# Looking for bathroom pic Ideas



## JustRightCo (Feb 20, 2006)

Can you guys post some bathroom pictures, I need ideas for a remodel
trying to use white-to-light brown scheme. or does anyone know of a good site online. I got another you chose everthng kinda job again...:blink: 
even if its not in that same scheme post em anyway I get lots of ideas. Thanks in advance.:clap:


----------



## Tom R (Jun 1, 2004)

Here's a few of my upstairs bathroom done in tile and paper, and one of my downstairs half-bath done in beadboard and paper.

In the upstairs one the 'soffit' over the 'dual-sink-countertop' (which you can't really see in the pic) exactly matches the countertop below, including the 'clipped' corners (then I also added that 'cut-out' in the center to break it up some).

The soffitt over the toilet is 'rounded' to match it architecturally. The soffit high-hats are on dimmers.

Bathrooms are always a challenge (to me at least) to get good pictures of.


----------



## Bjd (Dec 19, 2003)

Nice job on the soffits, I love the accent that they provide and try my best to use them often.
Recess is the only way to go along with under counter lites.

BJD


----------



## Glasshousebltr (Feb 9, 2004)

He was a cute little whipper snapper, but he's been missing since somebody fixed the drain.

Bob


----------



## hauoli63 (Aug 15, 2005)

Ewwww ... somebody needs to scrub that tub!!!!


----------



## Glasshousebltr (Feb 9, 2004)

Scrub?.....Na, I think that tubs gota come out.

Bob


----------



## ABA Const (Mar 6, 2004)

i wish i had taken more pics of past work i have done. there is a just a few that i have right now hope that gives you an idear


----------



## Woodcrafter74 (Oct 5, 2005)

Not sure how much space you're dealing with, but in small spaces I like to add some visual interest in the floor tile design--certainly adds more labor, but I think it's worth it.


----------



## Woodcrafter74 (Oct 5, 2005)

ABA,
I like the bathroom work (pic 4).
What is the countertop material in pics 5 & 6? It looks like 12x12 posilished granite. But what are you using on the edges?


----------



## R&D Tile (Apr 5, 2005)

Mine.


----------



## R&D Tile (Apr 5, 2005)

Some more.


----------



## R&D Tile (Apr 5, 2005)

Ah heck, a few more.:clap:


----------



## ABA Const (Mar 6, 2004)

Woodcrafter74 said:


> ABA,
> I like the bathroom work (pic 4).
> What is the countertop material in pics 5 & 6? It looks like 12x12 posilished granite. But what are you using on the edges?


thanks on the bathroom the customer said they did not care what i did just get creative and do whatever i wanted that was one of 3 bathrooms i did in that house. all of them different that one was noche tumbled and acid washed travertine with some listelles it was just something sitting around the shop. 

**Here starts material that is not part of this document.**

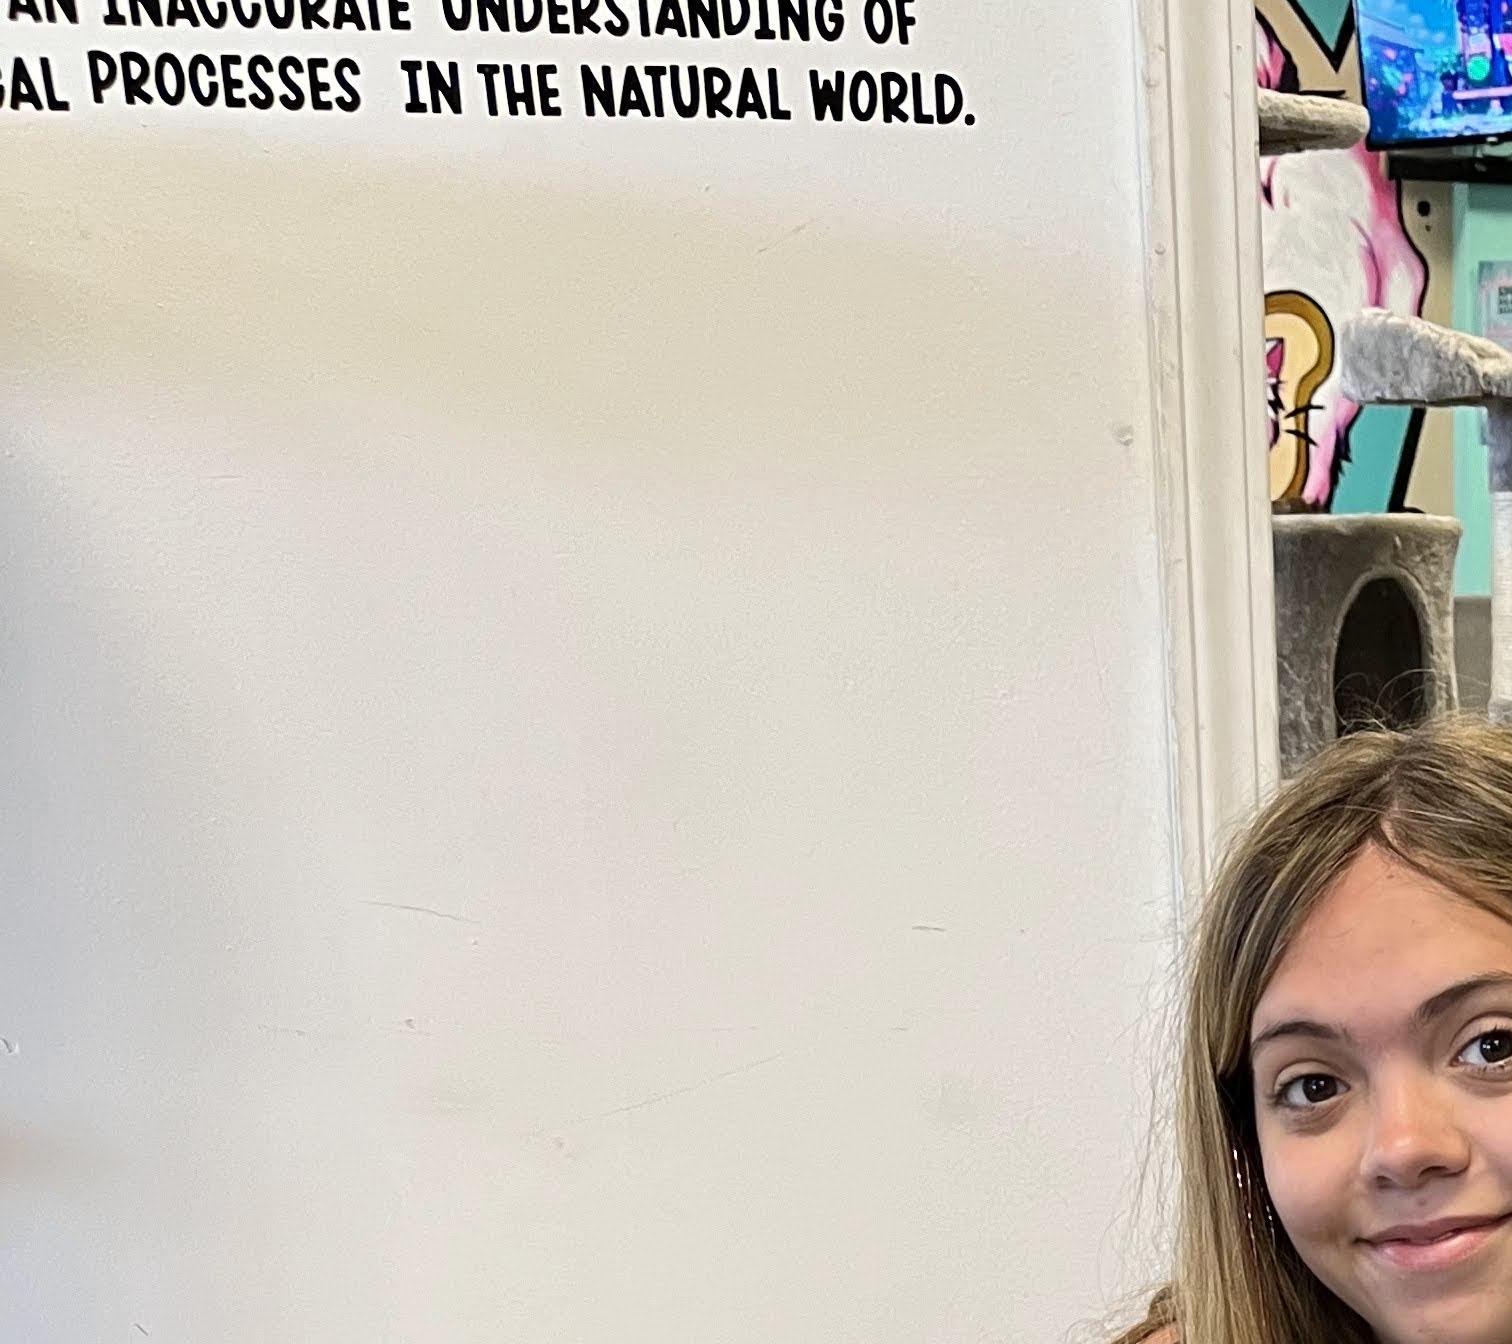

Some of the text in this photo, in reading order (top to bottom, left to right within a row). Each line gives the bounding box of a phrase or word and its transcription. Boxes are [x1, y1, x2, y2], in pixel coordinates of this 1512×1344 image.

[441, 0, 845, 43] UNDERSTANDING
[863, 0, 916, 45] OF
[0, 50, 976, 126] AL PROCESSES IN THE NATURAL WORLD.

yes in pic 5 and 6 it is 12x12 absolute black granite tiles with edges pieces. it is one of the products that i have found at one of my suppliers it is 2" wide and has a 3/8" edge to match the tile on the one side and then a build up of 3/4" with a beveled edge on the overhang which gives it more of a standard slab feeling pretty cool product about it comes in 25" lengths for 19.99


----------



## R&D Tile (Apr 5, 2005)

http://bedrockcreations.net/


----------



## JustRightCo (Feb 20, 2006)

I'm really glad everyone is posting rather quickly, 

*Tom* nice job again on those soffits. Yeah bathroom pic are hard to get good detail and angle.

*glasshouse* Hope you find your buddy!Hey were can I find those fixtures
is it called* stained steel....*

*aba con* Really nice work.Yeah you should keep a library of pics helps
customers chose bits from different jobs and create a new design.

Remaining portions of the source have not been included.